- **EXERCISE PROMPT**:
The expected output is every line of the data exactly as shown, minus the images.
⁂
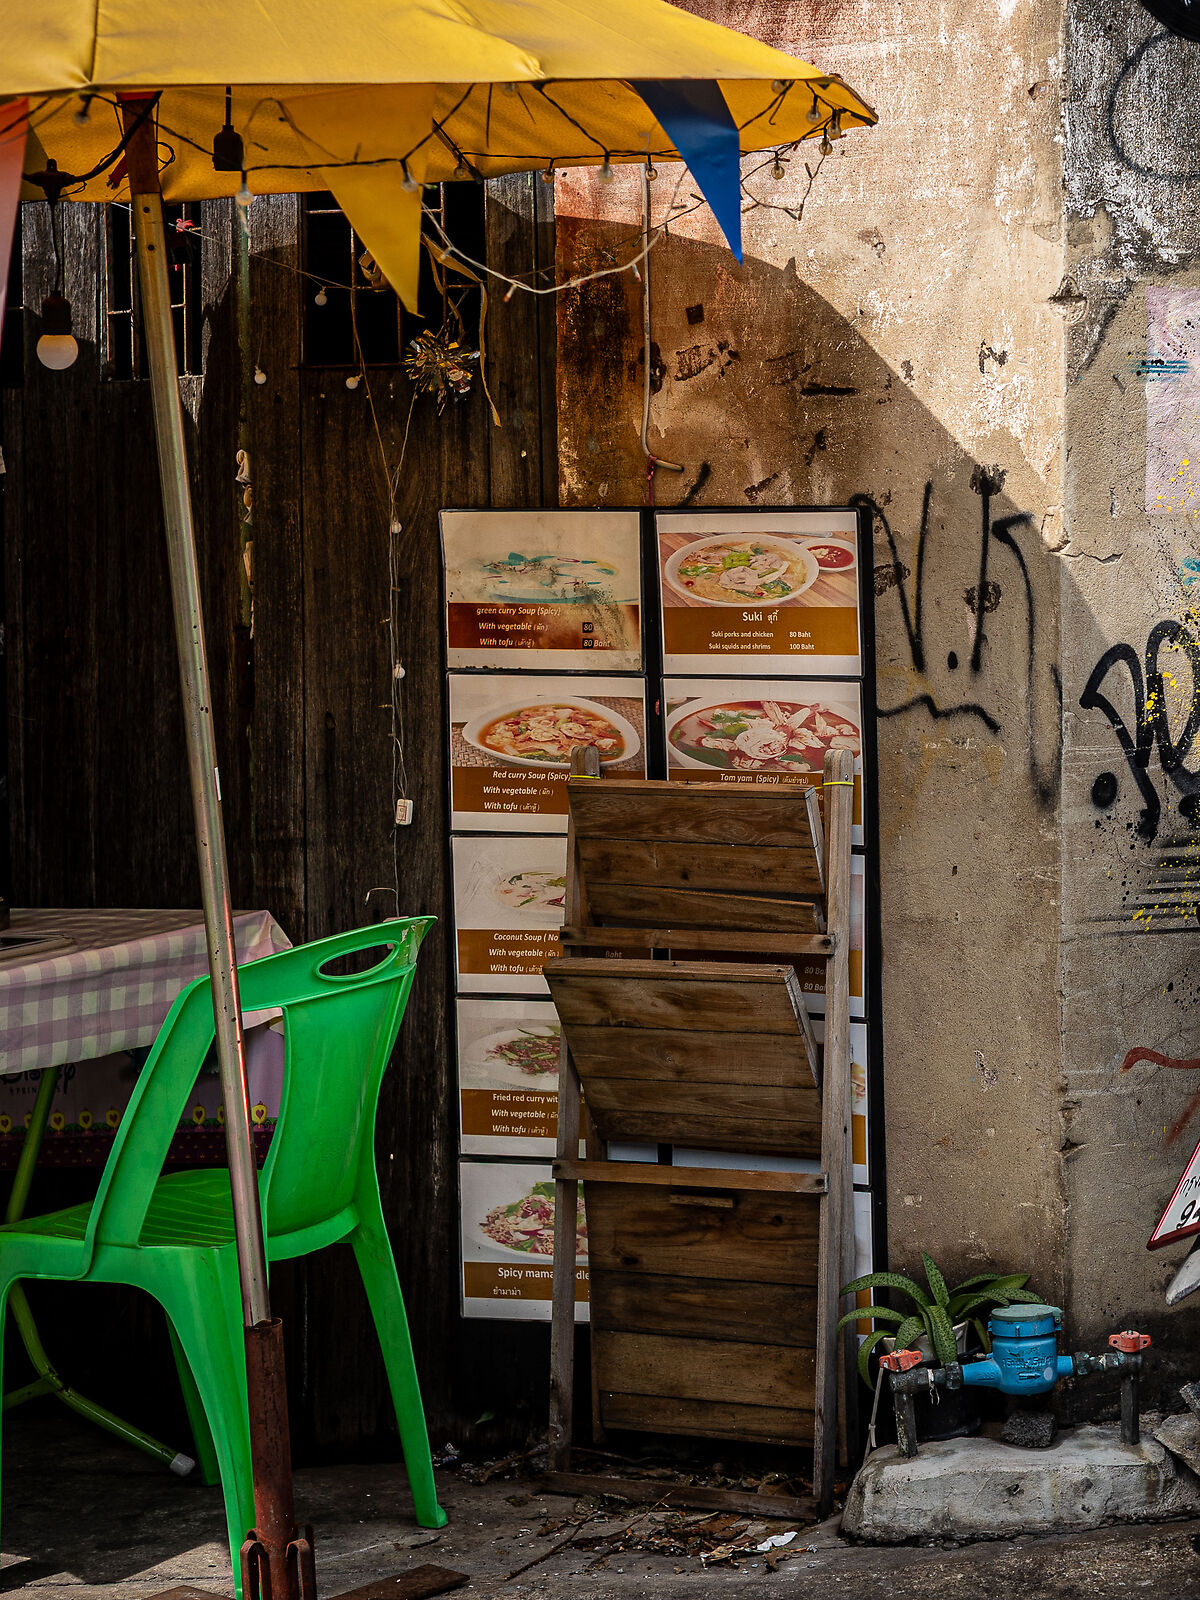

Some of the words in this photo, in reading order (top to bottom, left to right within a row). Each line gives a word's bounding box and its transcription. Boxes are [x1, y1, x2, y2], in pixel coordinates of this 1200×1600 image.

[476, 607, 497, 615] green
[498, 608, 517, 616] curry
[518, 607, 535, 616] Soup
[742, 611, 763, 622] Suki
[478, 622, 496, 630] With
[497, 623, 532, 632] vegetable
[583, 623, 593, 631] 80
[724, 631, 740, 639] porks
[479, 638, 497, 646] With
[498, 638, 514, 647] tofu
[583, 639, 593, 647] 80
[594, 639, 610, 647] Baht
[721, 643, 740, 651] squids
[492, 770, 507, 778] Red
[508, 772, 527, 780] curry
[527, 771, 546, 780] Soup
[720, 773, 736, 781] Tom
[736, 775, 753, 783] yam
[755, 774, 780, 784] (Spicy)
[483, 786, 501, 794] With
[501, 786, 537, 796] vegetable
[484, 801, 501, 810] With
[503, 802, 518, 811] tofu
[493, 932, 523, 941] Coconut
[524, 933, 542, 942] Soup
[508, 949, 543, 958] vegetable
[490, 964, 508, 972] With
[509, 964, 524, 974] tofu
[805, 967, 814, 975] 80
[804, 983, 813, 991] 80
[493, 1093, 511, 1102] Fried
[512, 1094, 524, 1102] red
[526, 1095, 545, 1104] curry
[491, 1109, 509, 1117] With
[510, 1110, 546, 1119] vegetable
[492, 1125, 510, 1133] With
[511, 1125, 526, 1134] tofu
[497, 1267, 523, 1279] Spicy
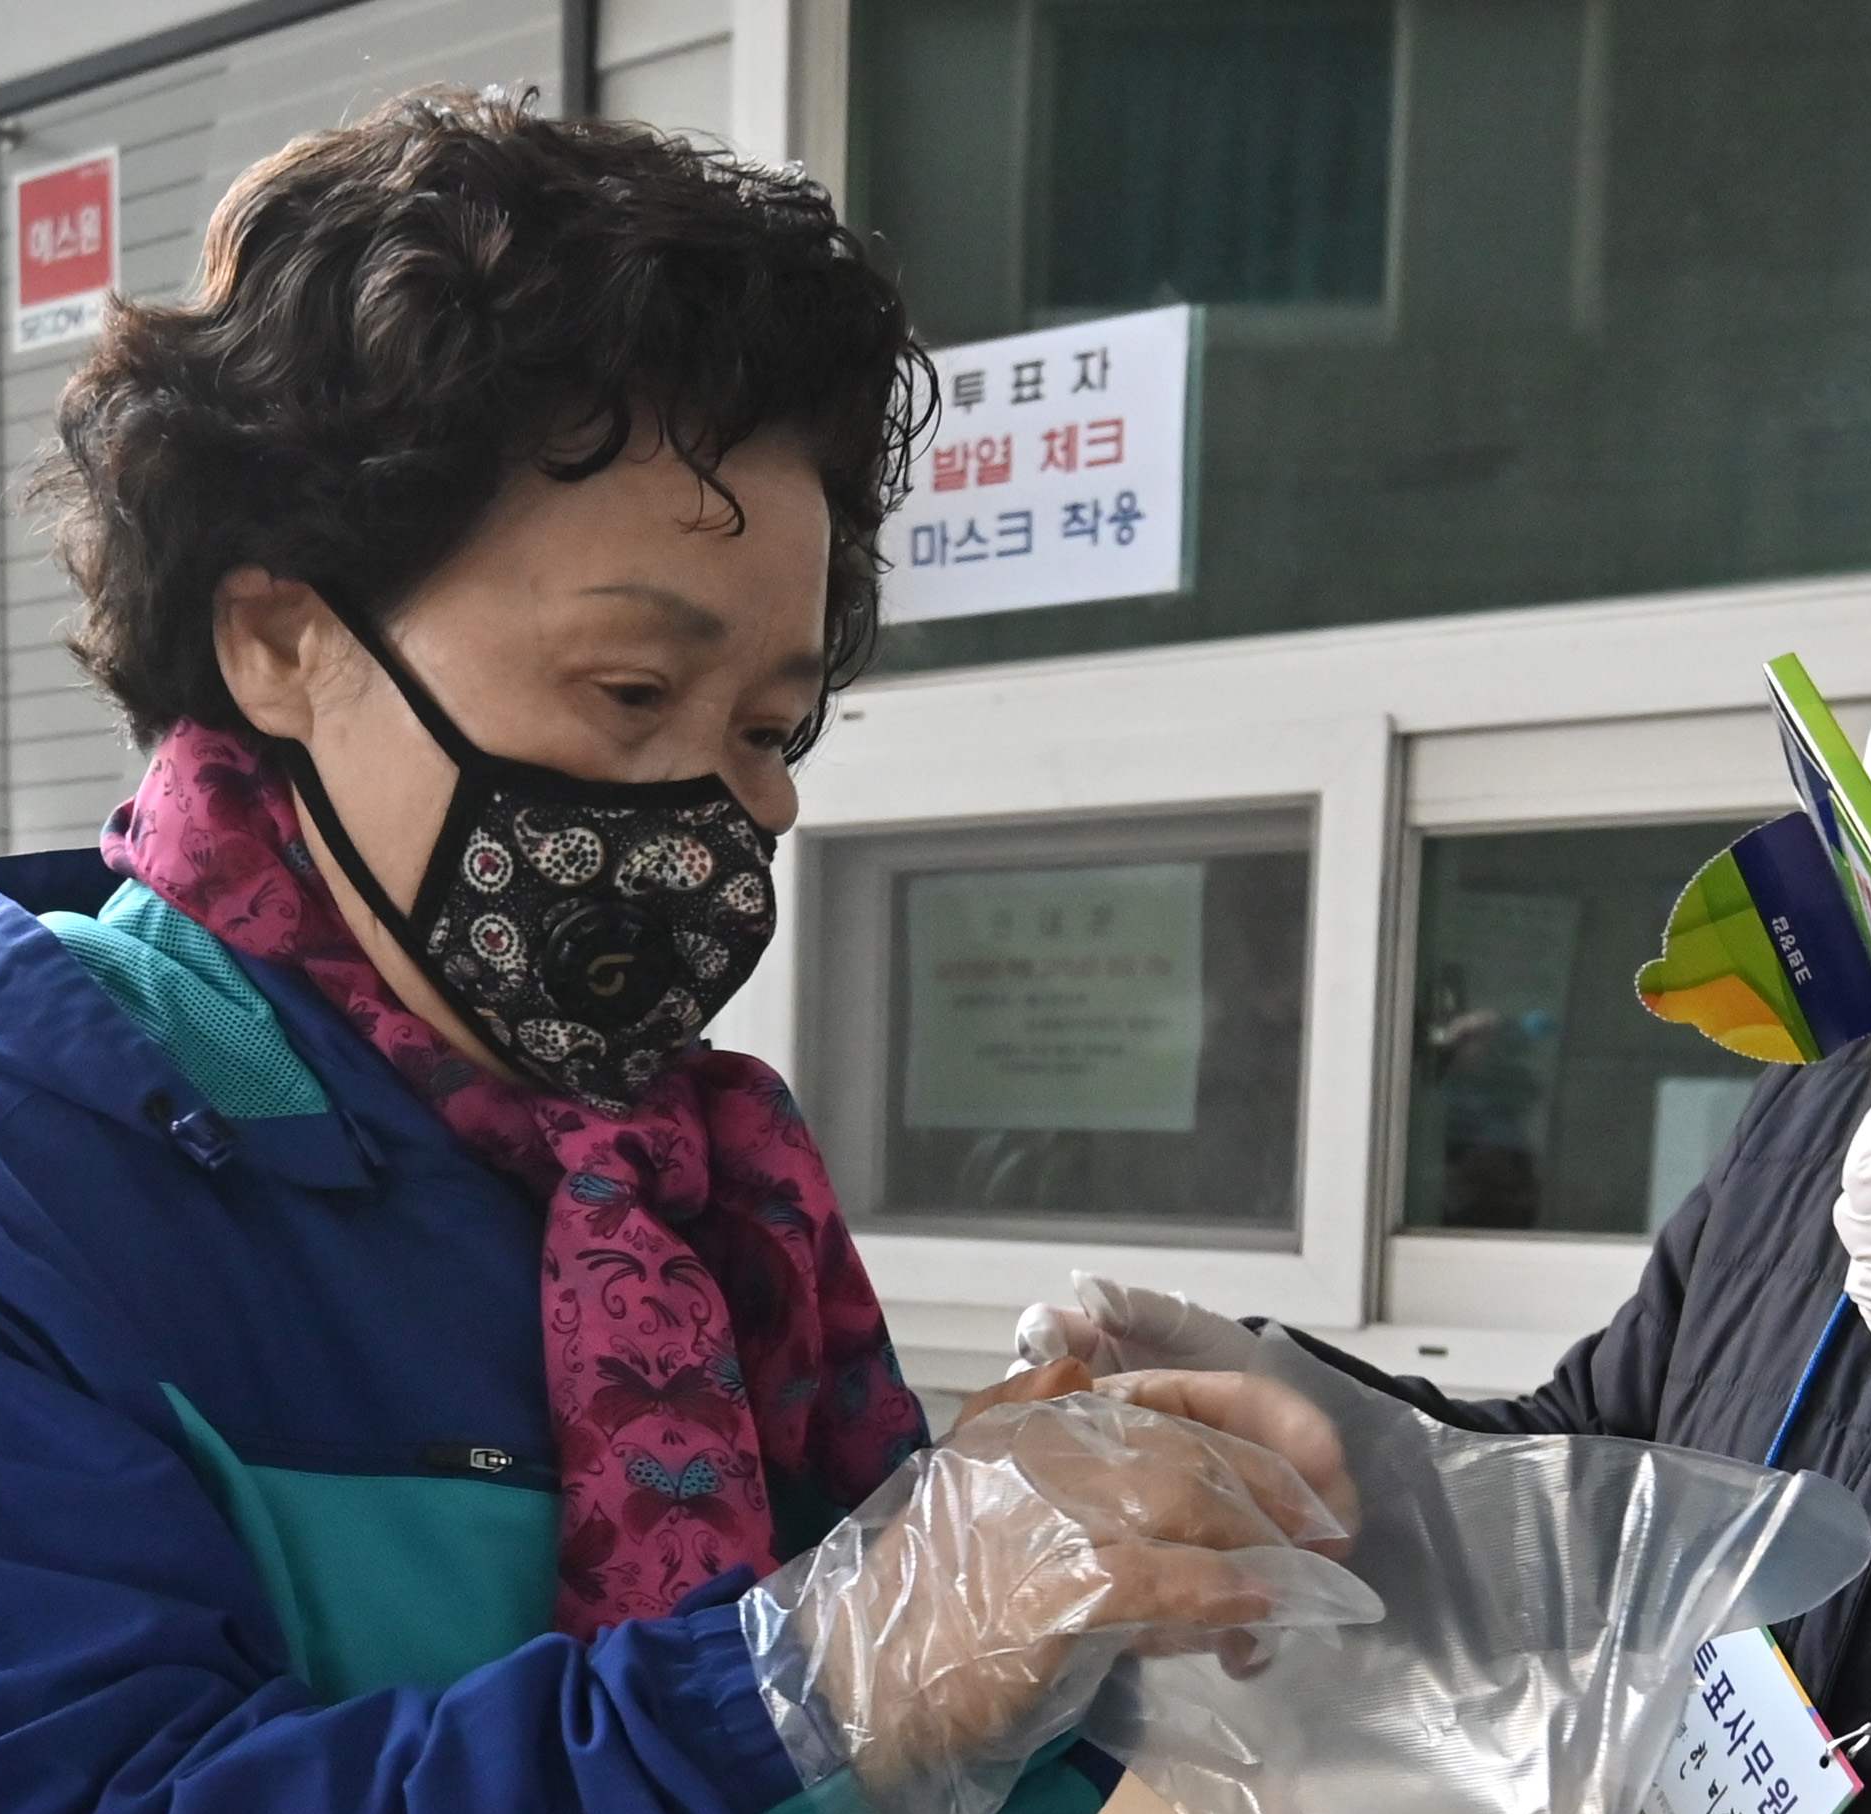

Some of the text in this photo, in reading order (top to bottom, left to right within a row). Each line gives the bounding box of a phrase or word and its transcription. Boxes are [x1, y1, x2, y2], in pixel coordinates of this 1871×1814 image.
⁂
- **TASK OUTPUT**:
Some of the words in this photo, in reading order (top to bottom, left to right within a row). Each line gives a word's bounding box and its transcription. Boxes are [x1, y1, x2, y2], in pixel coordinates of this 1200×1600 image.

[476, 607, 497, 615] green
[498, 608, 517, 616] curry
[518, 607, 535, 616] Soup
[742, 611, 763, 622] Suki
[478, 622, 496, 630] With
[497, 623, 532, 632] vegetable
[583, 623, 593, 631] 80
[724, 631, 740, 639] porks
[479, 638, 497, 646] With
[498, 638, 514, 647] tofu
[583, 639, 593, 647] 80
[594, 639, 610, 647] Baht
[721, 643, 740, 651] squids
[492, 770, 507, 778] Red
[508, 772, 527, 780] curry
[527, 771, 546, 780] Soup
[720, 773, 736, 781] Tom
[736, 775, 753, 783] yam
[755, 774, 780, 784] (Spicy)
[483, 786, 501, 794] With
[501, 786, 537, 796] vegetable
[484, 801, 501, 810] With
[503, 802, 518, 811] tofu
[493, 932, 523, 941] Coconut
[524, 933, 542, 942] Soup
[508, 949, 543, 958] vegetable
[490, 964, 508, 972] With
[509, 964, 524, 974] tofu
[805, 967, 814, 975] 80
[804, 983, 813, 991] 80
[493, 1093, 511, 1102] Fried
[512, 1094, 524, 1102] red
[526, 1095, 545, 1104] curry
[491, 1109, 509, 1117] With
[510, 1110, 546, 1119] vegetable
[492, 1125, 510, 1133] With
[511, 1125, 526, 1134] tofu
[497, 1267, 523, 1279] Spicy

Some of the text in this photo, in reading order (top to bottom, left to right within a row). Each line gives the bounding box of a phrase or word and its transcription. Boxes are [x1, y1, x2, y2], in pixel coordinates of this 1871×1814 image.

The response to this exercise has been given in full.